Then I saw my first live enemy: A Taipan Heavy, Australian powered armor. It was slogging through the mud and smoke toward us, its camouflage on the fritz. The guy inside had to be as scared as I was. It leveled its barrels at the scattering assault force, just before an RPG took it out. The explosion lit up the marsh, revealing the others running in from behind it. They all had glowing HP rings behind their heads, like in a game… and that’s when I realized I was dreaming.

The surge of adrenaline woke me up – gasping, sweating, clutching the furs that lined my bed. My bones were still shaking with mortar fire as my bedroom came back into focus. Quest alerts and other notifications flashed in the corners of my eyes. My pulse pounded in my ears, my stomach gnawed at me, and my jaws ached. And the roar hadn’t gone away.

[Good morning, Hector Park!]

[You have 1 unread quest update]

[You have one unread message from Rin Lu]

[Warning! You are Severely Dehydrated! -15% to all Stats and Skills!]

[You are hungry! HP will no longer regenerate!]

[Are you experiencing emotional or psychological stress? Help is available. Would you like to chat to an assistant?]

[World Alert: Black Moon Festival (Vlachia)]

“Urrgh. Fuck your assistant.” I dizzily swatted the holographic notifications away, flailed my way out of my bed, and tumbled onto the cold floor. 

“Hector!” Karalti’s telepathic voice lanced through my hangover like a needle through my left eye. “Are you okay!?”

I rolled over, squinting at the windows to see a large blob of darkness staring back at me through the thick glass.

“I’m okay, I’m okay. Bad dream, nothing to it.” I stumbled up, groaning, and nearly put my hand down on Suri’s face. “Fuck. What time is it?
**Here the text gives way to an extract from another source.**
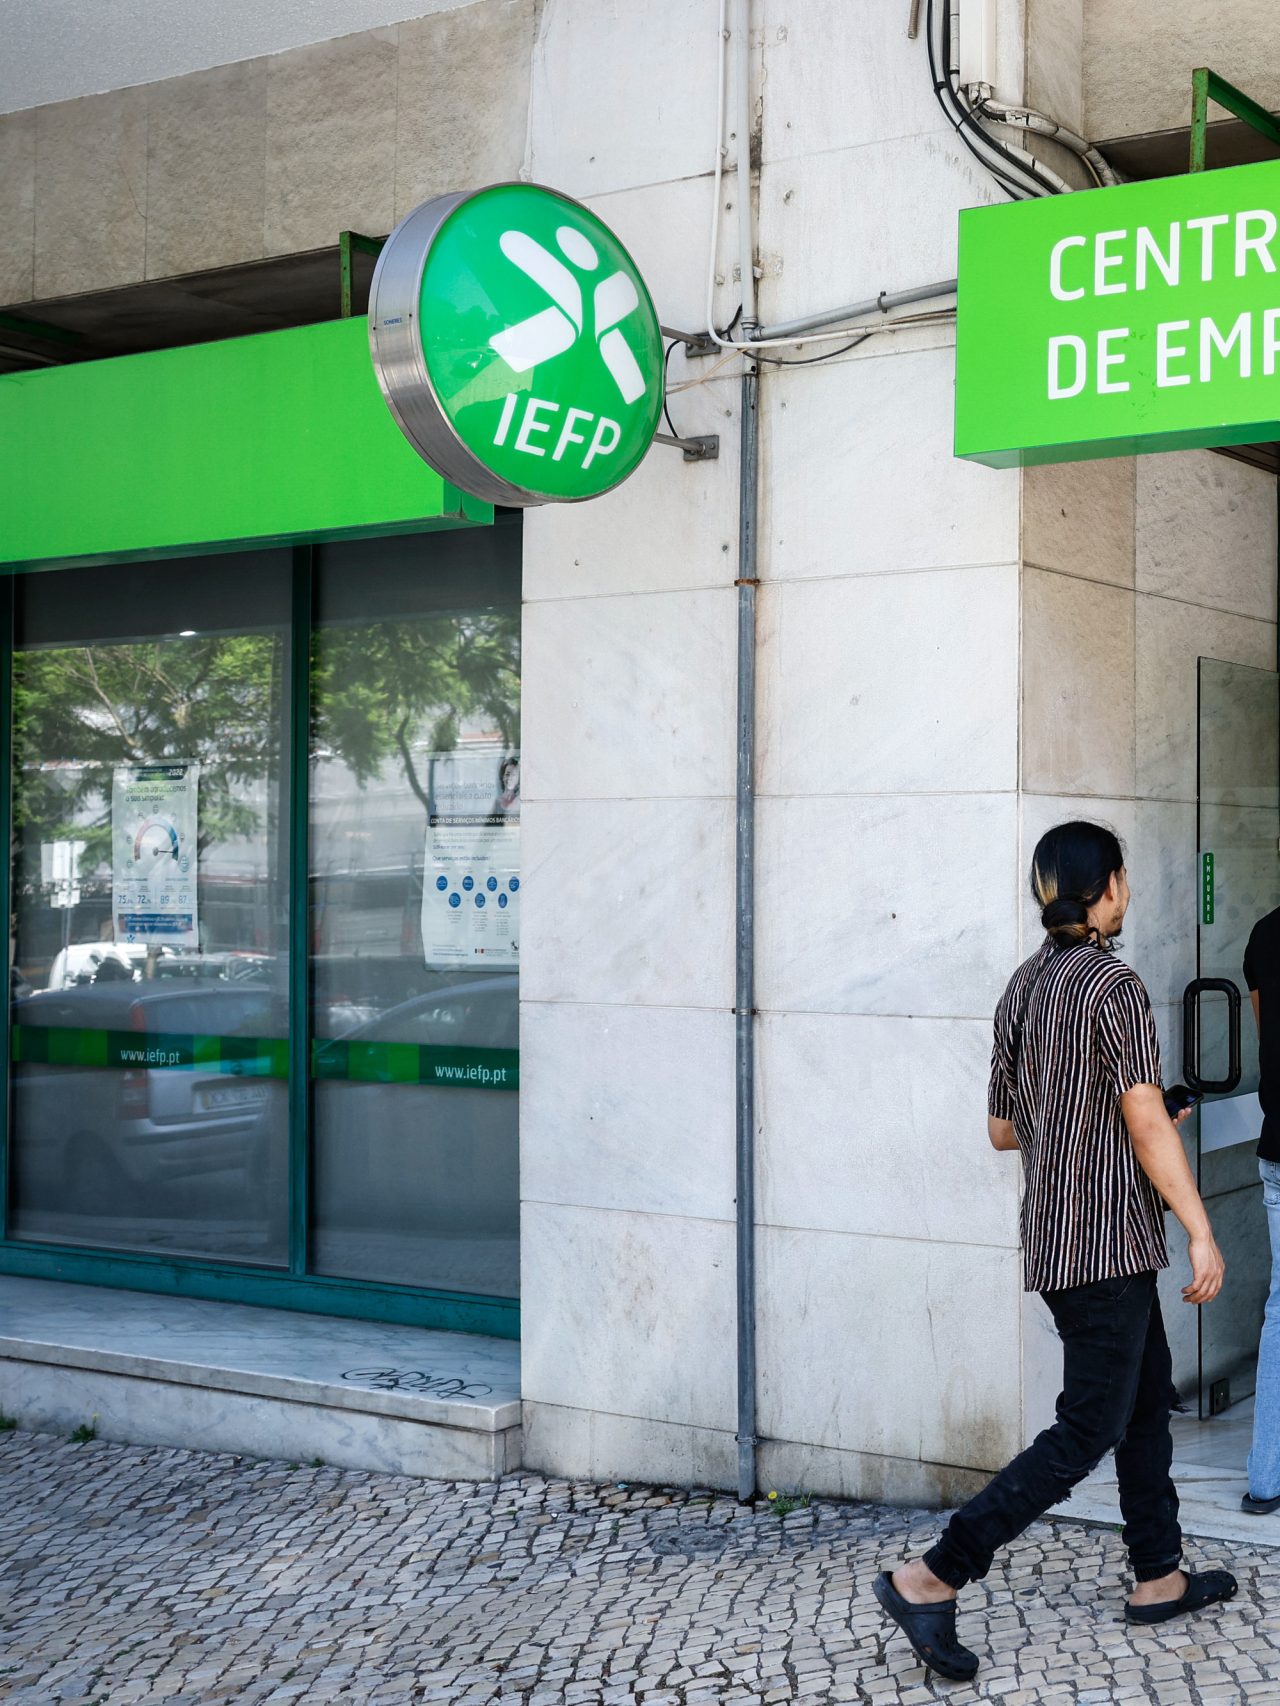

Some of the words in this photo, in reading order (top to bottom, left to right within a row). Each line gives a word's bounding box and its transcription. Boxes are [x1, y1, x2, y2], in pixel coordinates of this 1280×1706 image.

How’d you go?”

“I caught one! I caught a goat!” Karalti bobbed her head. Now that she was Level 8, it was larger than the window. She had to line up one eye to look inside. “But it wasn’t big enough, and because we have to go to the king’s thing today... I was thinking I’d-”

“You want to poach off his herd one more time.” 

“Yeah!” There was a ‘whomph’ of wind as she flicked her wings. “Wanna come?”

My stomach rumbled and cramped. I was stupid thirsty, and couldn’t remember the last time I’d had a proper meal or something to drink other than slivovitz. I checked the clock: it was 5:30am, well before we were due at the Parade Ground. “Sure. I need something to eat, too. Mind if we stop by the Grand Hall first?”

“Okay!” Karalti lifted her head, and the room shuddered a little as she hopped up onto the balcony wall.

Suri had her own alarm set, so I left her to sleep. A frigid blast of cold mountain air hit me as I pushed the doors out onto the balcony, where Karalti paced the parapet like a tightrope walker. Our suite had a south-western view toward the distant ocean cliffs, where the moon hung on the horizon like a black void obscuring the stars. The solar corona was still visible, a thin blue-white line flickering around the outside of it. I was about to equip Karalti’s gear when something caught my eye. At first, I thought it was a trick of the light. Then I squinted and zoomed in my vision.

“What’s the matter?” Karalti stopped a short distance away, head reared. She sniffed and snorted, pointing her muzzle in the same direction as my head.

“That.” I pointed at the dark, glimmering blob hanging in front of the moon. It was bright, but not bright enough to be a star, and it wasn’t moving across the sky. It was just hanging out and pulsating in front of Erruku like a tiny mirage. Or a satellite.

Karalti cocked her head from side to side. “Uh... huh? I don’t know what that is.”

“When the Dark Star rises, journey to the village of Myszno,” I muttered. “Could that be what Matir meant?”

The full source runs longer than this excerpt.